Secured lender is secured only to the extent of their security. This is an established position in law.....If a lender is extending loans worth Rs 1,000 crore on a security of Rs 100 crore, then Rs 900 crore has to be treated as unsecured. This is as per the provisioning norms.Shyam Divan, Counsel for State Bank of India and IDBI Bank
In its July 2019 verdict, the NCLAT had directed a change in distribution of funds from the winning bid of ArcelorMittal, and granted Standard Chartered parity with other financial lenders. As per the NCLAT judgment, Standard Chartered was to receive 60 percent of its claims, just like the other financial creditors.
It is evident that there is no distinction made between one or other ‘Financial Creditor’. All persons to whom a financial debt is owed by the ‘Corporate Debtor’, which debt is disbursed against the consideration for time value of money, whether they come within one or other clause of Section 5(8), all of such person form one class i.e. ‘Financial Creditor’ they cannot be sub-classified as ‘Secured’ or ‘Unsecured Financial Creditor’ for the purpose of preparation of the ‘Resolution Plan’ by the ‘Resolution Applicant’NCLAT Judgment in Essar Steel Insolvency Case
Standard Chartered’s Case
The order of priority of the creditors is decided by law and not by secured creditors or the CoC, Standard Chartered argued in favour of its claim.
Senior Advoctae Kapil Sibal, arguing for Standard Chartered, said the Supreme Court in the Swiss Ribbons case made a distinction between financial and operational creditors. But no distinction was made between financial creditors, as was done by the CoC of Essar Steel. The actions of CoC suggest not just collusion but also a complete violation of the IBC, Sibal said.
All the other financial creditors got 92 percent of their claims plus 40 percent interest on those claims. We on the other hand received less than 2 percent of our claim in the resolution plan approved by the CoC. Nowhere does the IBC Code mention that the CoC is empowered to decide the allocation of funds....There is an inherent conflict of interest in the CoC making that decision.Kapil Sibal, Counsel for Standard Chartered Bank
If the criteria of security of creditors only up to the value of security on their loans is to be applied, then that should apply to other creditors as well, Sibal said.

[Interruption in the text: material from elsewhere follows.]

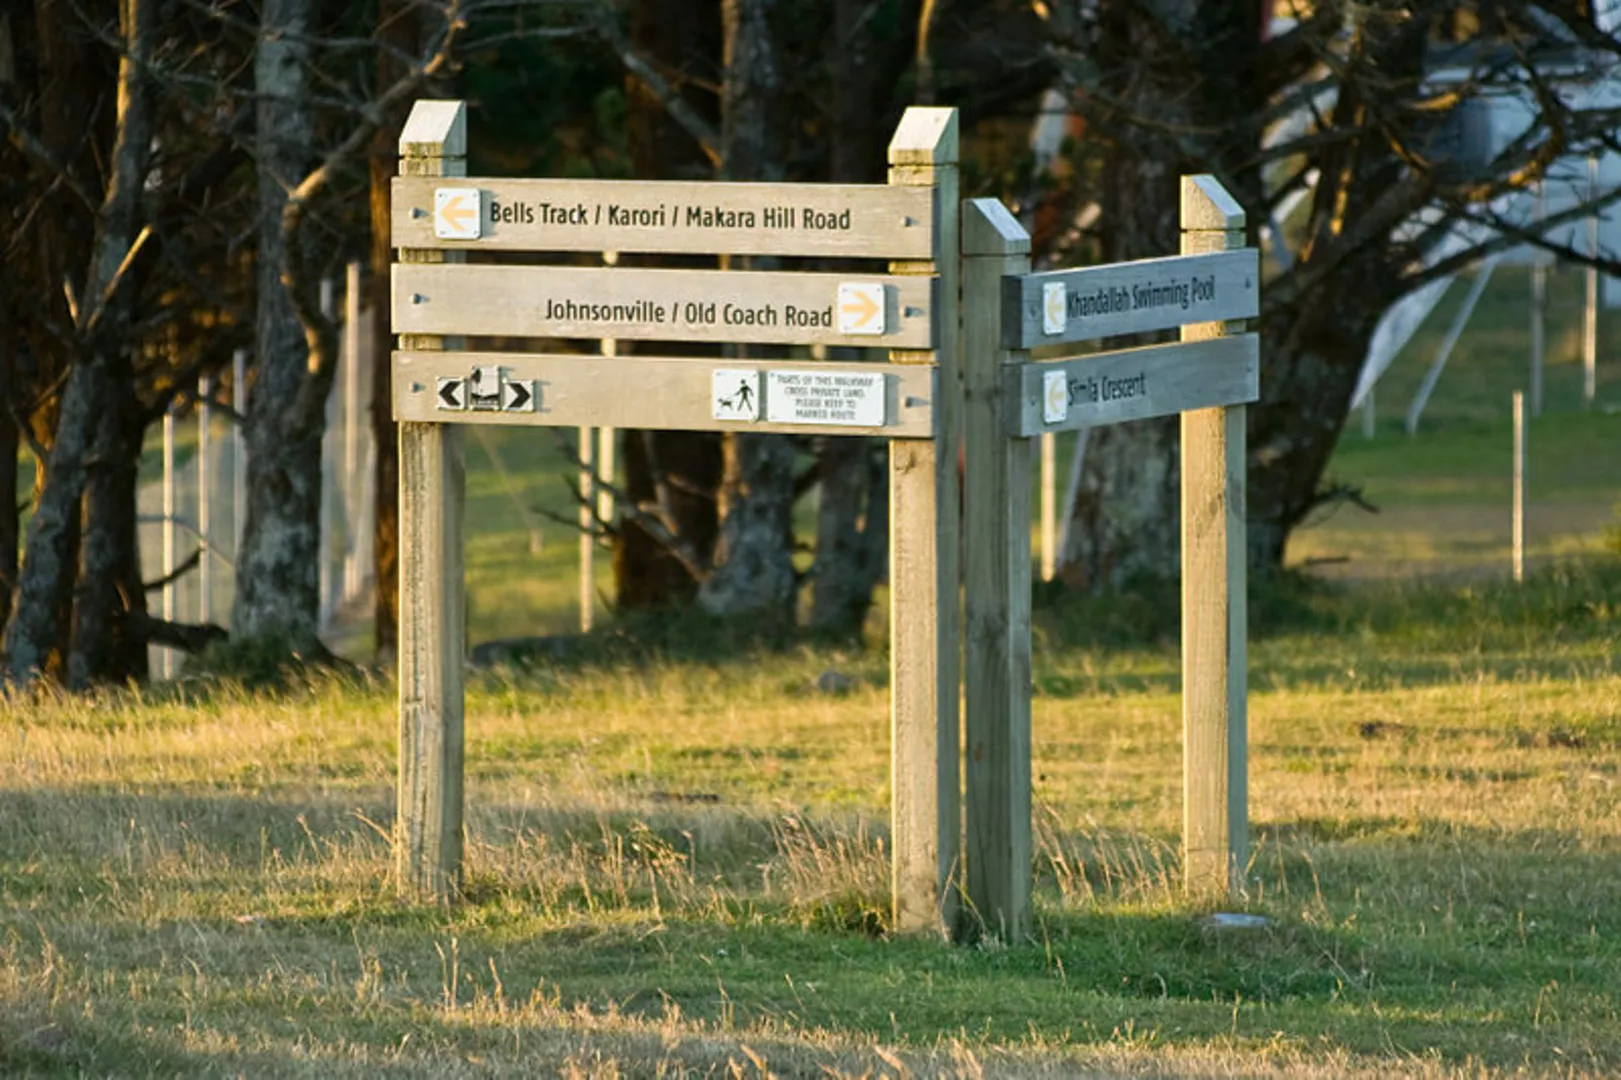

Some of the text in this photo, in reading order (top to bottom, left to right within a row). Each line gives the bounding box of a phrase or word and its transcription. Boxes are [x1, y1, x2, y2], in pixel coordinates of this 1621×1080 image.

“If I scrutinise each of their security interest, litigation will never end,” said Sibal, adding that the argument of the CoC over the last two days implies that everyone else including the adjudicating authorities is a rubber stamp and the CoC rules the roost.
Sibal was in the middle of his arguments for Standard Chartered when the day ended. He will now continue on Oct. 22 when Justice Rohinton Nariman-led bench resumes the hearing.